Copy out each line below verbatim, skipping any picture.

(Data items)

Segment Open

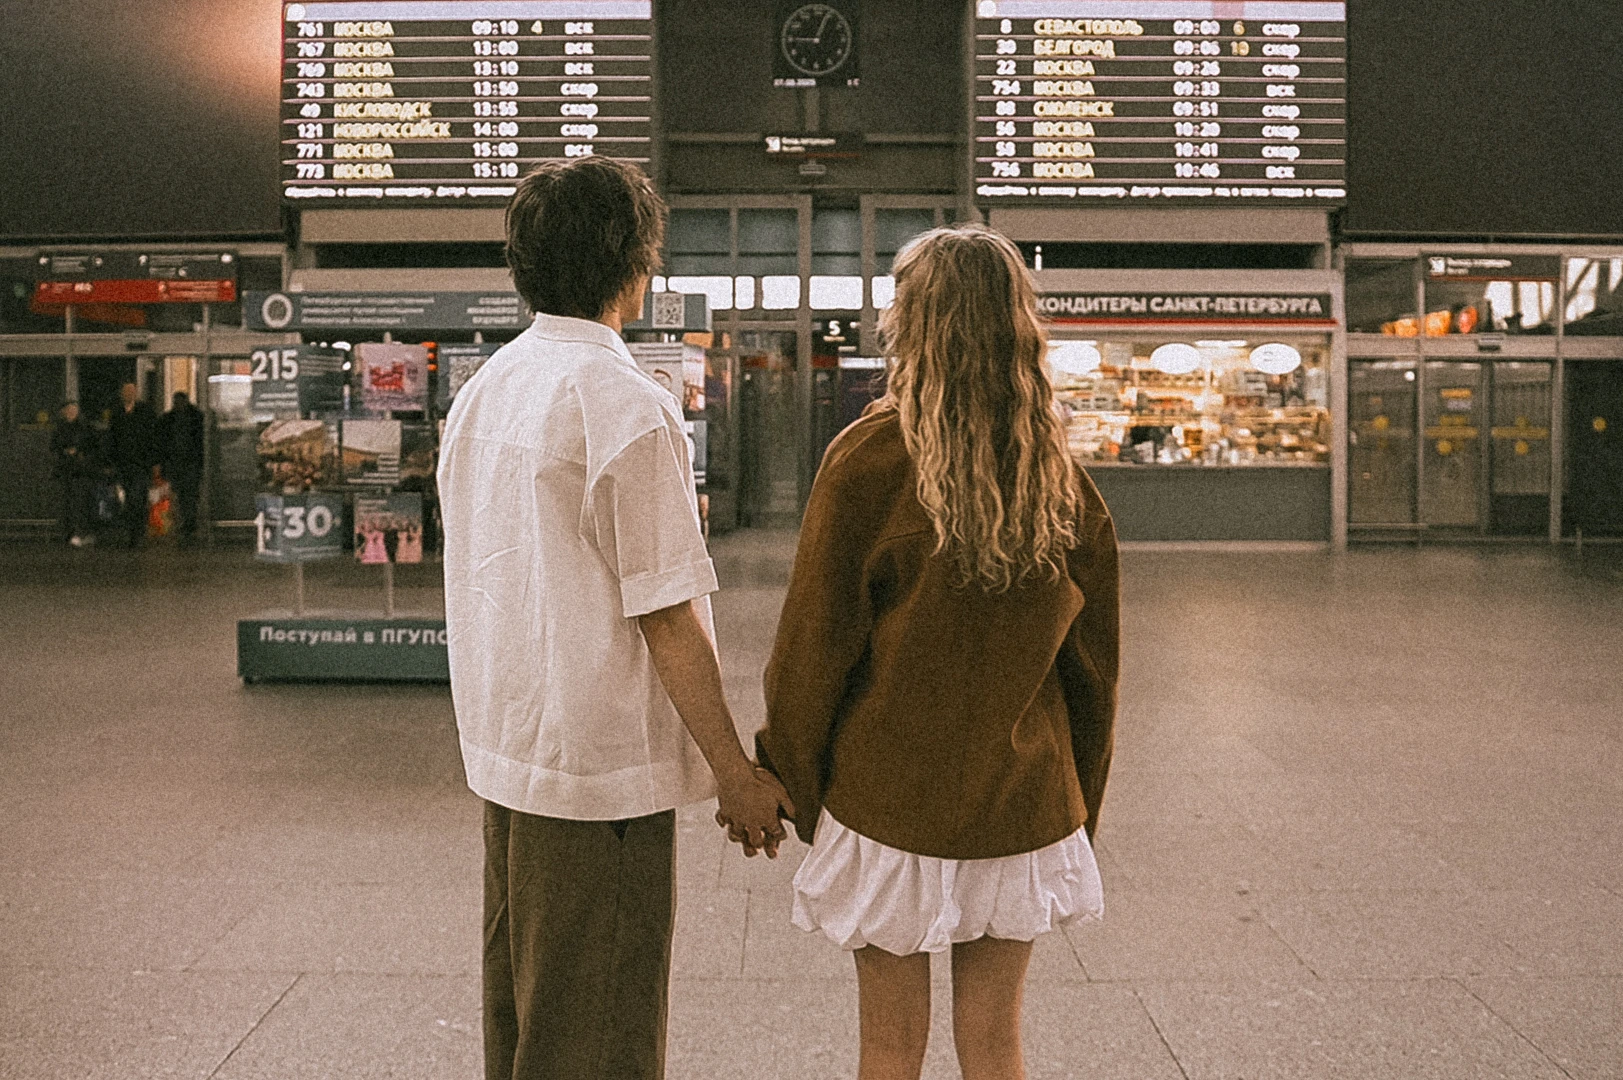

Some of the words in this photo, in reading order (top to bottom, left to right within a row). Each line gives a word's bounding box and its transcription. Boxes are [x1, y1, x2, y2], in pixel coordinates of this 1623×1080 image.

[334, 22, 394, 37] МОСКВА
[1034, 19, 1144, 35] СЕВАСТОПОЛЬ
[334, 42, 394, 57] МОСКВА
[1034, 39, 1116, 58] БЕЛГОРОД
[334, 62, 394, 77] МОСКВА
[1033, 60, 1095, 76] МОСКВА
[334, 83, 394, 98] МОСКВА
[1033, 81, 1095, 96] МОСКВА
[334, 102, 432, 121] КИСЛОВОДСК
[1033, 101, 1114, 117] СМОЛЕНСК
[334, 119, 451, 138] НОВОРОССИЙСК
[1033, 122, 1095, 137] МОСКВА
[334, 143, 394, 158] МОСКВА
[1033, 142, 1095, 157] МОСКВА
[334, 163, 394, 178] МОСКВА
[1033, 162, 1095, 178] МОСКВА
[1035, 297, 1146, 313] КОНДИТЕРЫ
[1150, 297, 1323, 314] САНКТ-ПЕТЕРБУРГА
[252, 349, 299, 381] 215
[259, 626, 357, 646] Поступай
[363, 631, 375, 644] в
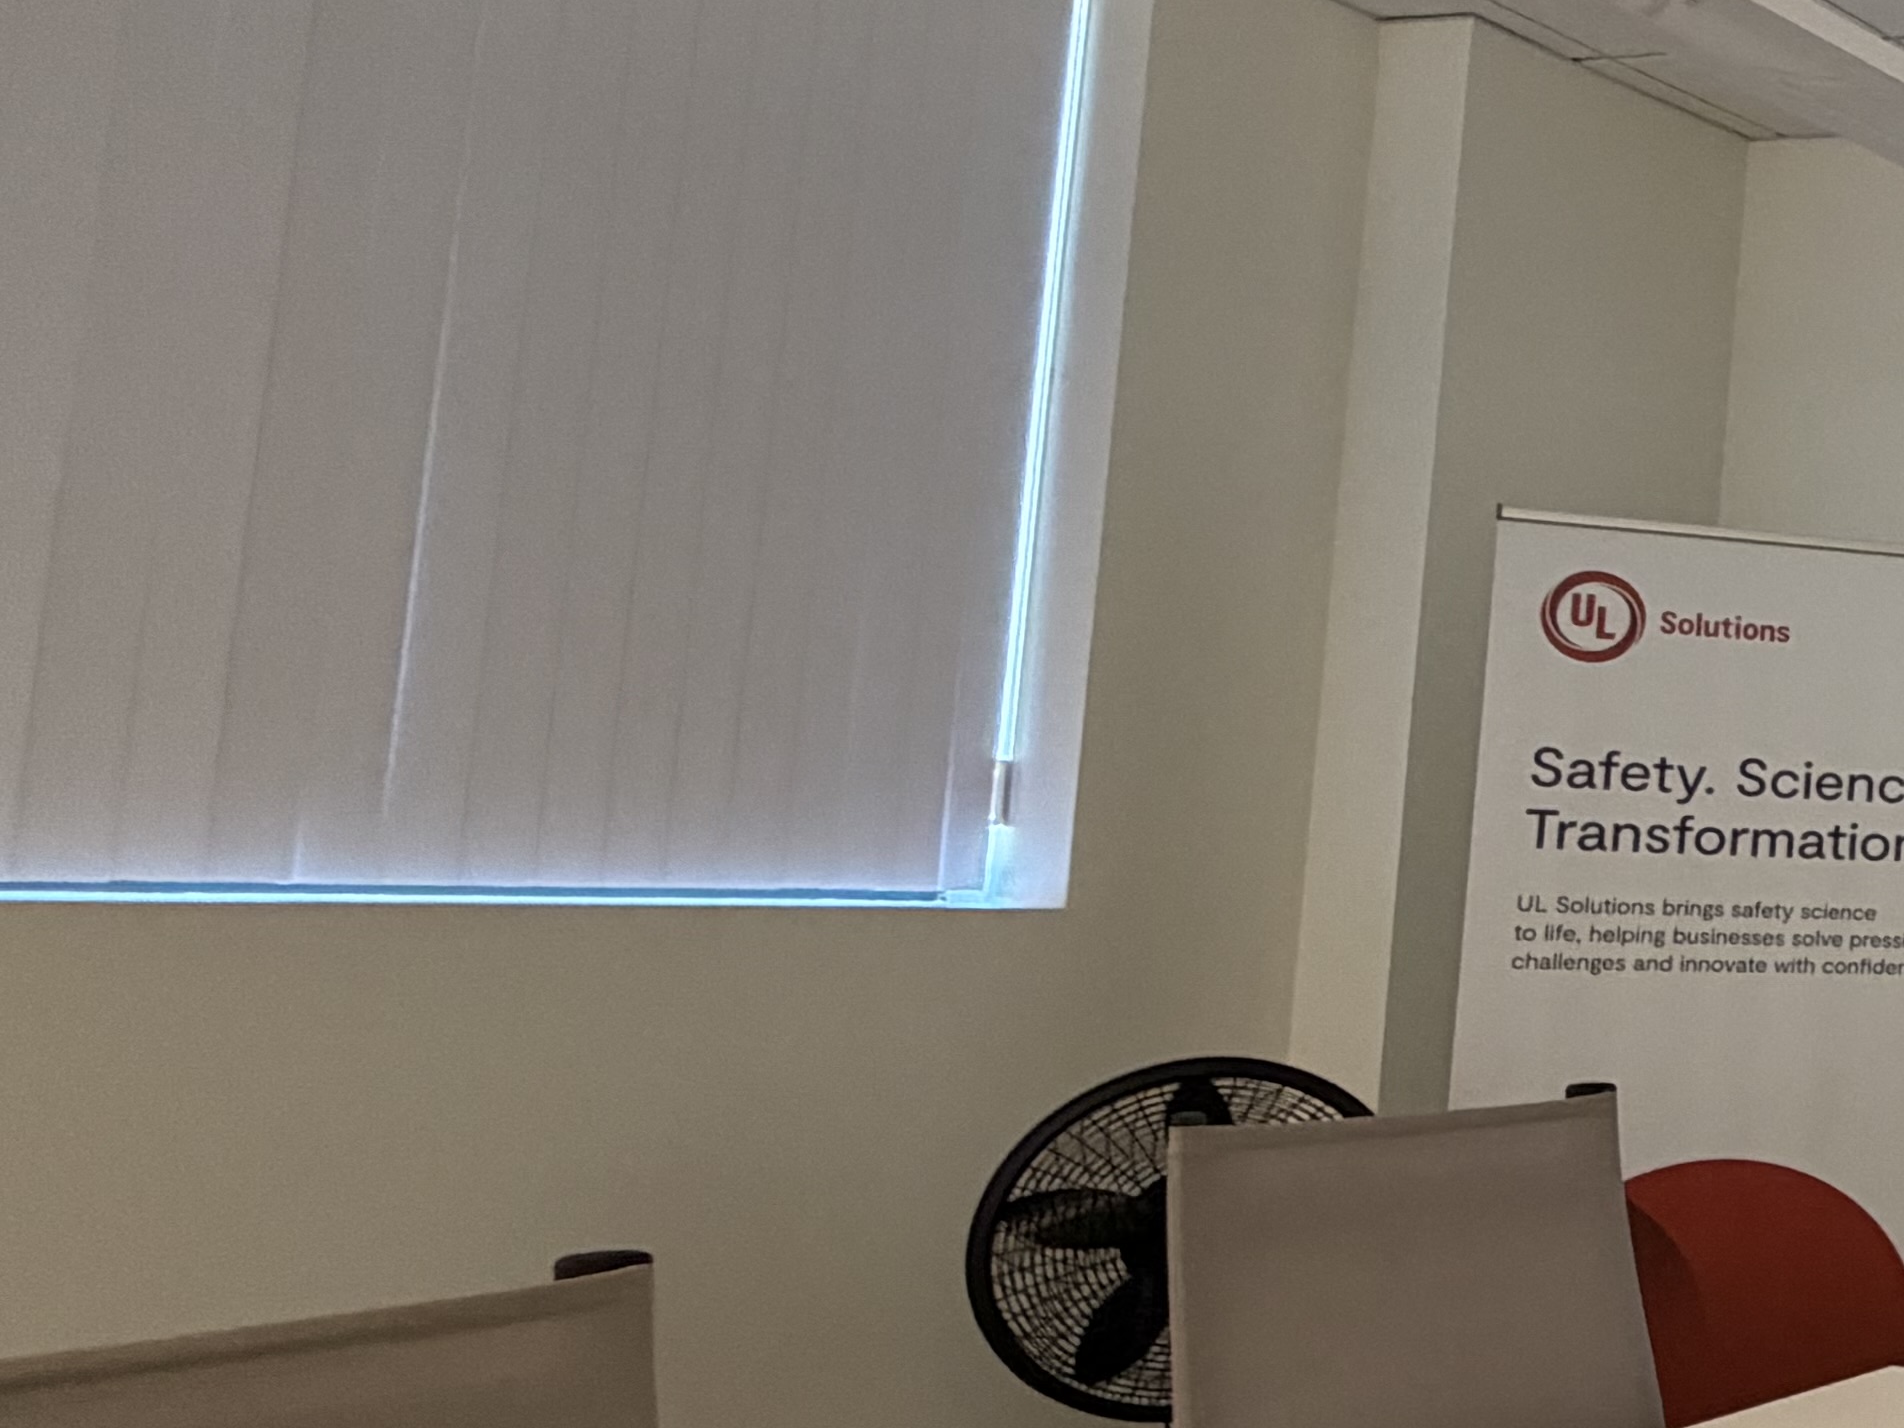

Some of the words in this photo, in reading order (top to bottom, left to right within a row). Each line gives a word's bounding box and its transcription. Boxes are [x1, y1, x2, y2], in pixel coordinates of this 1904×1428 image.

[1658, 609, 1791, 644] Solutions
[1530, 745, 1716, 804] Safety.
[1516, 895, 1547, 915] UL
[1556, 896, 1655, 917] Solutions
[1662, 898, 1724, 920] brings
[1731, 900, 1795, 923] safety
[1800, 903, 1877, 922] science
[1514, 925, 1537, 942] to
[1544, 924, 1581, 945] life,
[1588, 926, 1665, 948] helping
[1672, 927, 1785, 948] businesses
[1791, 930, 1843, 948] solve
[1511, 953, 1626, 976] challenges
[1633, 954, 1673, 973] and
[1679, 956, 1767, 975] innovate
[1774, 957, 1816, 975] with
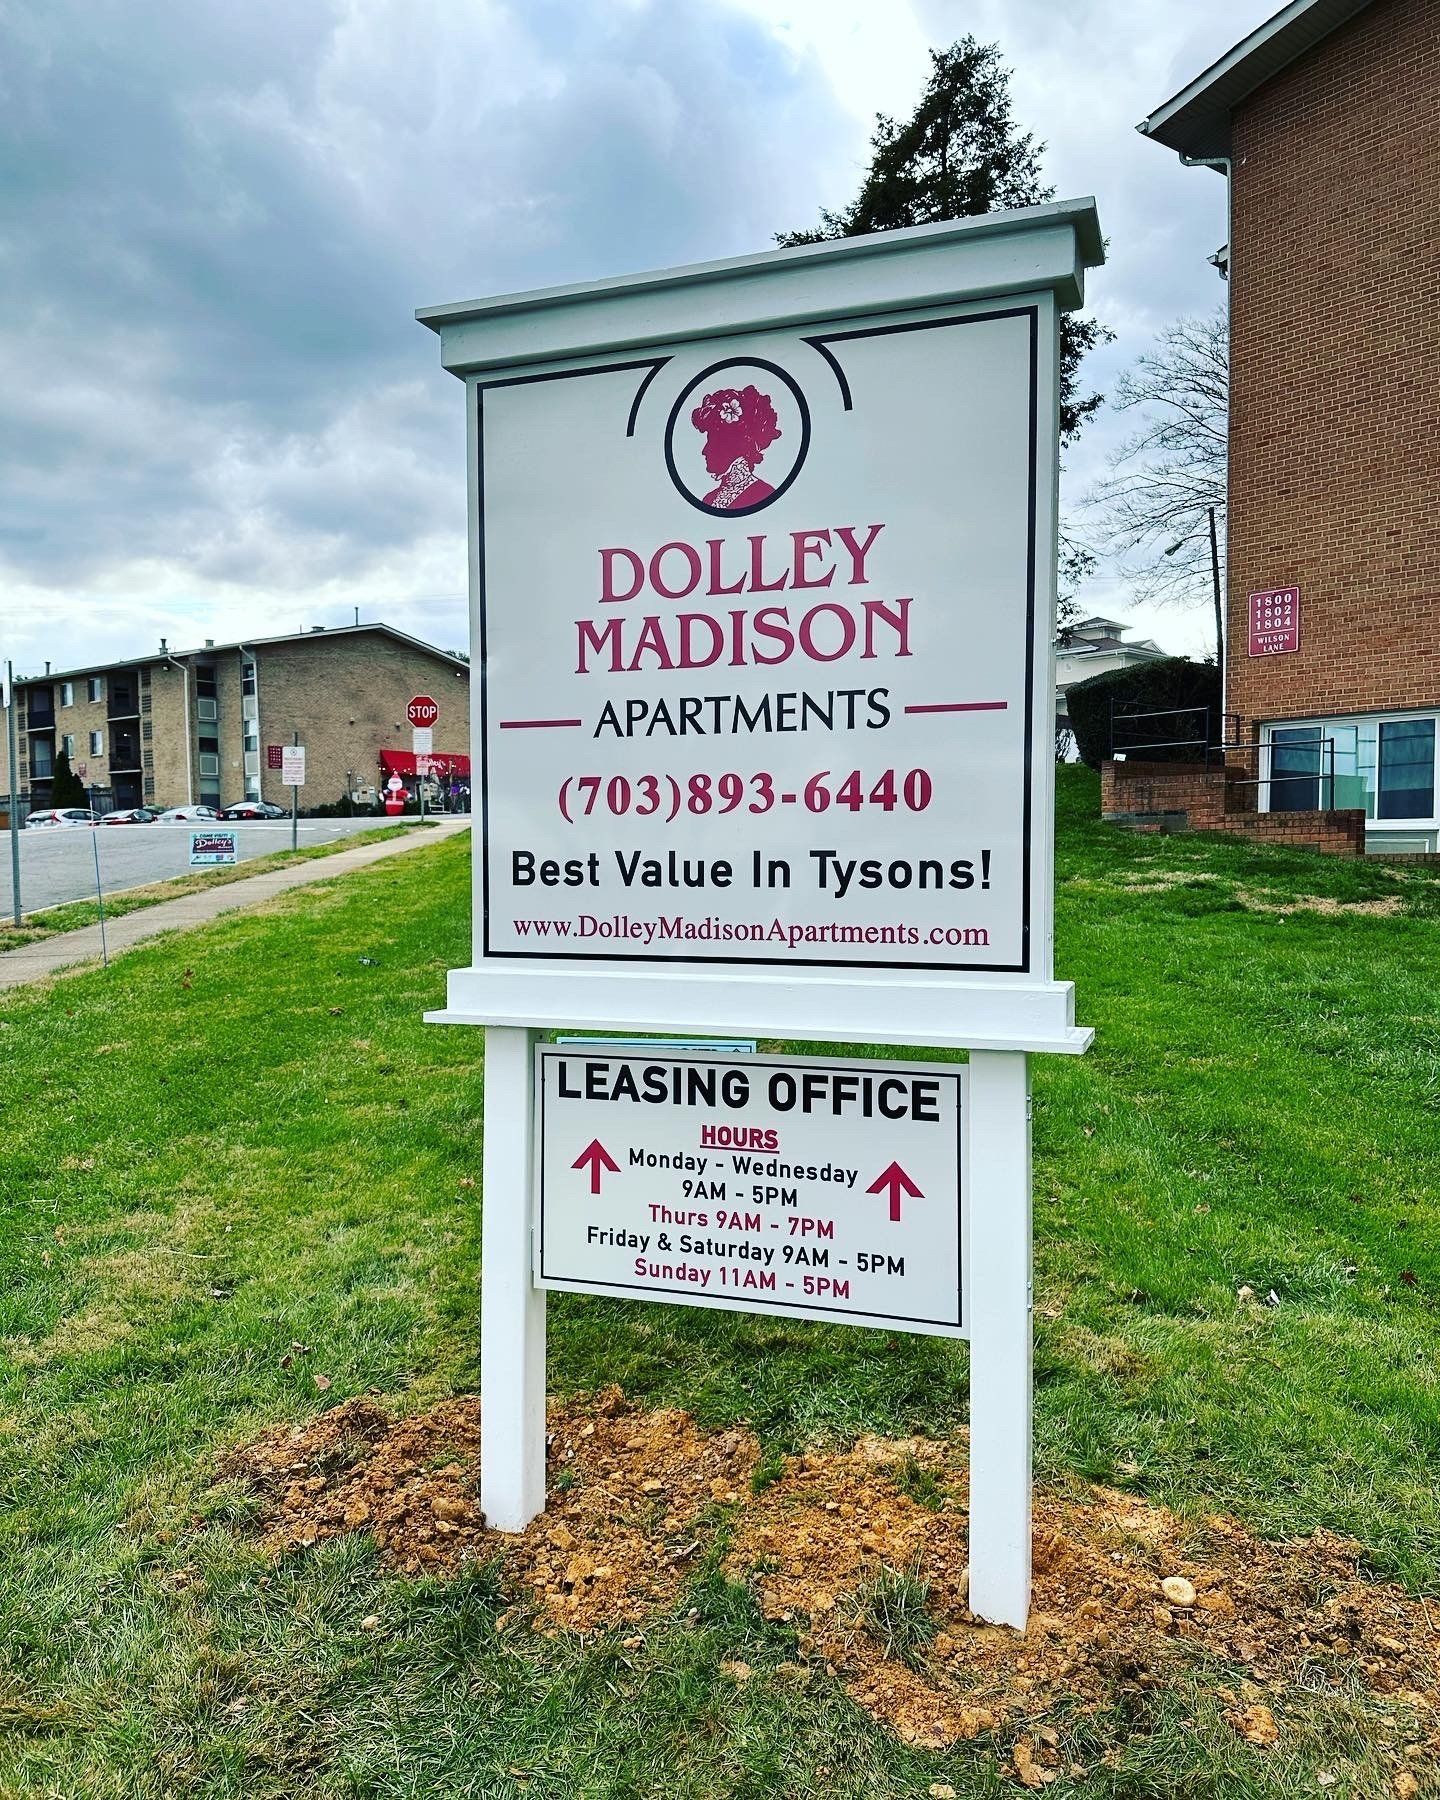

Segment Closed

» **Response**
Some of the words in this photo, in reading order (top to bottom, left to right within a row). Each line gives a word's bounding box and its transcription. Boxes are [x1, y1, x2, y2], in pixel coordinates of this 1623×1080 image.

[334, 22, 394, 37] МОСКВА
[1034, 19, 1144, 35] СЕВАСТОПОЛЬ
[334, 42, 394, 57] МОСКВА
[1034, 39, 1116, 58] БЕЛГОРОД
[334, 62, 394, 77] МОСКВА
[1033, 60, 1095, 76] МОСКВА
[334, 83, 394, 98] МОСКВА
[1033, 81, 1095, 96] МОСКВА
[334, 102, 432, 121] КИСЛОВОДСК
[1033, 101, 1114, 117] СМОЛЕНСК
[334, 119, 451, 138] НОВОРОССИЙСК
[1033, 122, 1095, 137] МОСКВА
[334, 143, 394, 158] МОСКВА
[1033, 142, 1095, 157] МОСКВА
[334, 163, 394, 178] МОСКВА
[1033, 162, 1095, 178] МОСКВА
[1035, 297, 1146, 313] КОНДИТЕРЫ
[1150, 297, 1323, 314] САНКТ-ПЕТЕРБУРГА
[252, 349, 299, 381] 215
[259, 626, 357, 646] Поступай
[363, 631, 375, 644] в

Some of the words in this photo, in reading order (top to bottom, left to right within a row). Each line gives a word's bounding box and its transcription. Boxes are [x1, y1, x2, y2], in pixel coordinates of this 1904×1428 image.

[1658, 609, 1791, 644] Solutions
[1530, 745, 1716, 804] Safety.
[1516, 895, 1547, 915] UL
[1556, 896, 1655, 917] Solutions
[1662, 898, 1724, 920] brings
[1731, 900, 1795, 923] safety
[1800, 903, 1877, 922] science
[1514, 925, 1537, 942] to
[1544, 924, 1581, 945] life,
[1588, 926, 1665, 948] helping
[1672, 927, 1785, 948] businesses
[1791, 930, 1843, 948] solve
[1511, 953, 1626, 976] challenges
[1633, 954, 1673, 973] and
[1679, 956, 1767, 975] innovate
[1774, 957, 1816, 975] with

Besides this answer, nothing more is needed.